ARCIDI v. SANDERS MOCK ASSOC’S, INC., 132 N.H. 393 (1989)


565 A.2d 1067

ALFRED L. ARCIDI v. SANDERS MOCK ASSOCIATES, INC. a.

No. 88-384Supreme Court of New Hampshire Rockingham
Decided November 16, 1989

1. Arbitration — Awards — Judicial Review On appeal from award, of arbitrator under superior court arbitration rule, offer of evidence of the plaintiff’s position during arbitration would have been open to objection.

2. Dismissal and Nonsuit — Voluntary Nonsuit — Change of Mind If plaintiff who takes a voluntary nonsuit has a change of mind, the nonsuit will not bar a subsequent proceeding for the same relief; if the change of mind should be expressed in a motion for reconsideration even before the judgment of nonsuit had been entered, a ruling vacating the order for nonsuit would be proper, in the absence of any indication of some unusual circumstance under which the defendant would be prejudiced.

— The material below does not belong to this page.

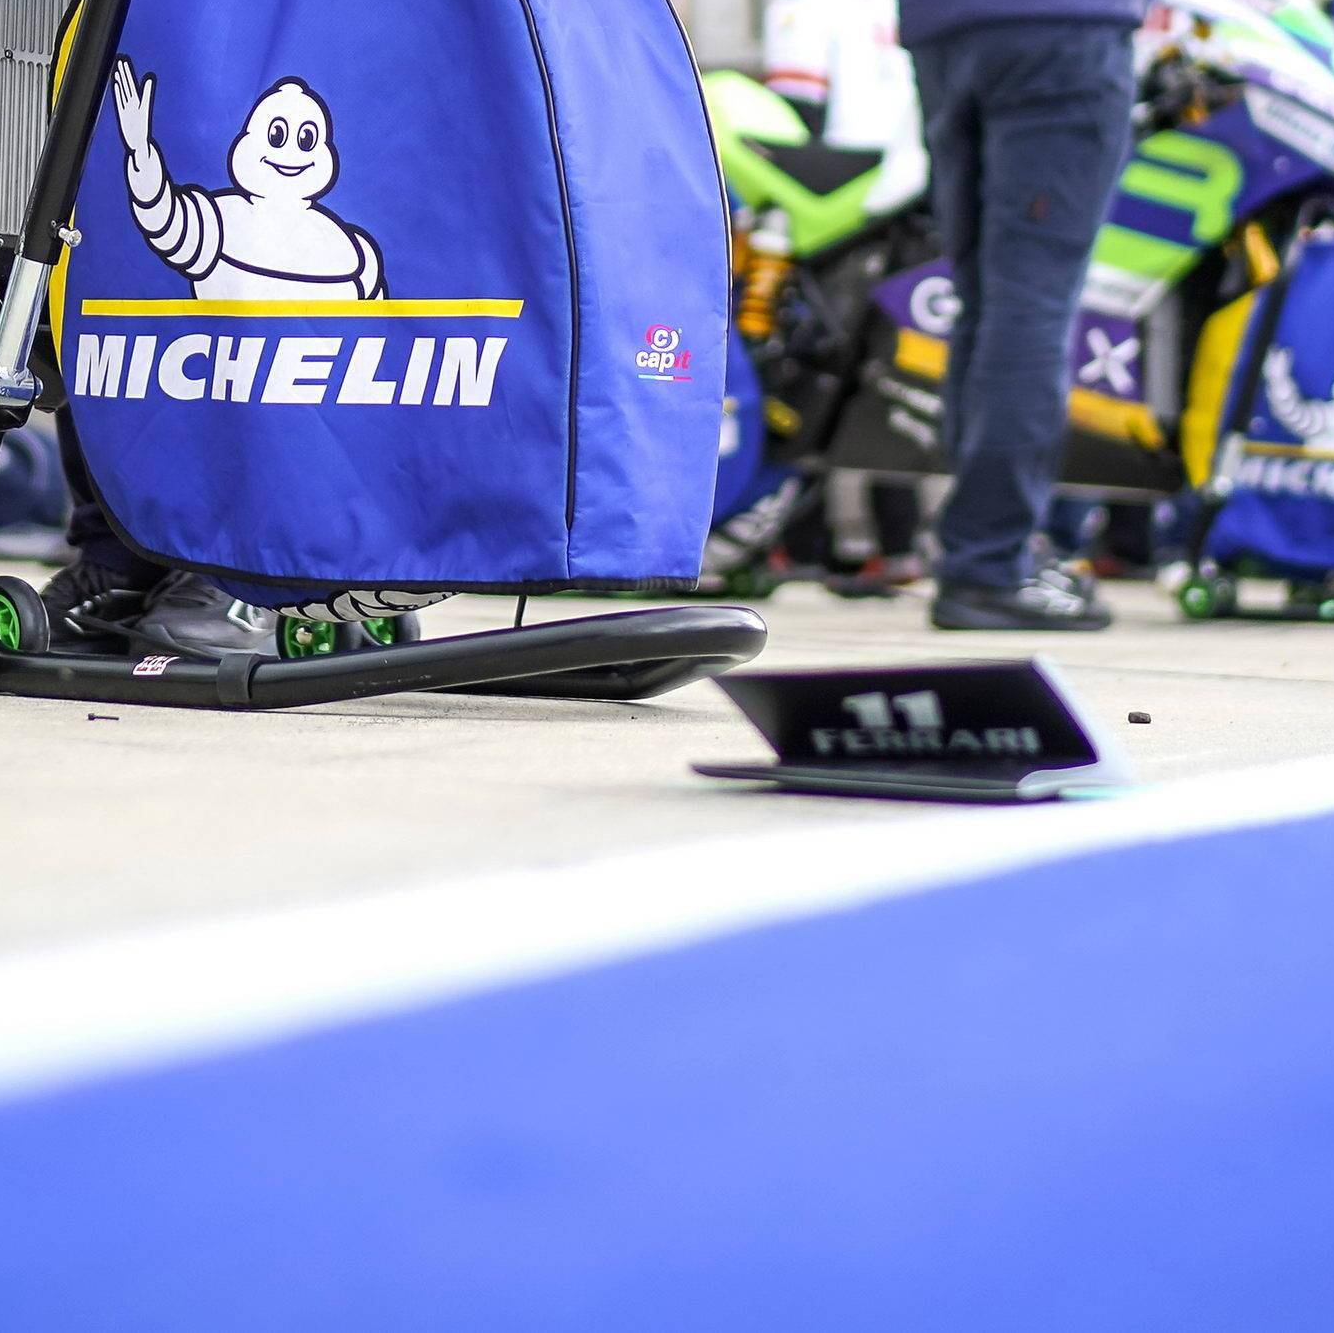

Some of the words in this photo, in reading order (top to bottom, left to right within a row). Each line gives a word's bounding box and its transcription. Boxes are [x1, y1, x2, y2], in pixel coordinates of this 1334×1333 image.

3. Dismissal and Nonsuit — Consent — Particular Cases Superior court abused its discretion in granting defendants’ motion to dismiss the plaintiff’s petition for specific performance of a real estate contract, on the ground that the plaintiff had stated, both at an arbitration hearing and at motion hearing that he no longer sought equitable relief; order of dismissal based entirely on the plaintiff’s apparent consent should be vacated when the plaintiff changes his mind prior to entry of judgment, absent prejudicial reliance by defendants.

Ignatius R. J. Piscitello, Sharon J. Rondeau, Charles L. Lonardo, and John D. Hodges, of Lawrence, Massachusetts (Mr. Piscitello and Ms. Rondeau on the brief, and Mr. Hodges orally), for the plaintiff.

Boynton Robinson P. C., of Franklin (Stanley H. Robinson on the brief and orally), for the defendants Sanders Mock Associates, Inc., Emory W. Sanders, Wayne Mock, Center D. Sanders and James W. Sanders.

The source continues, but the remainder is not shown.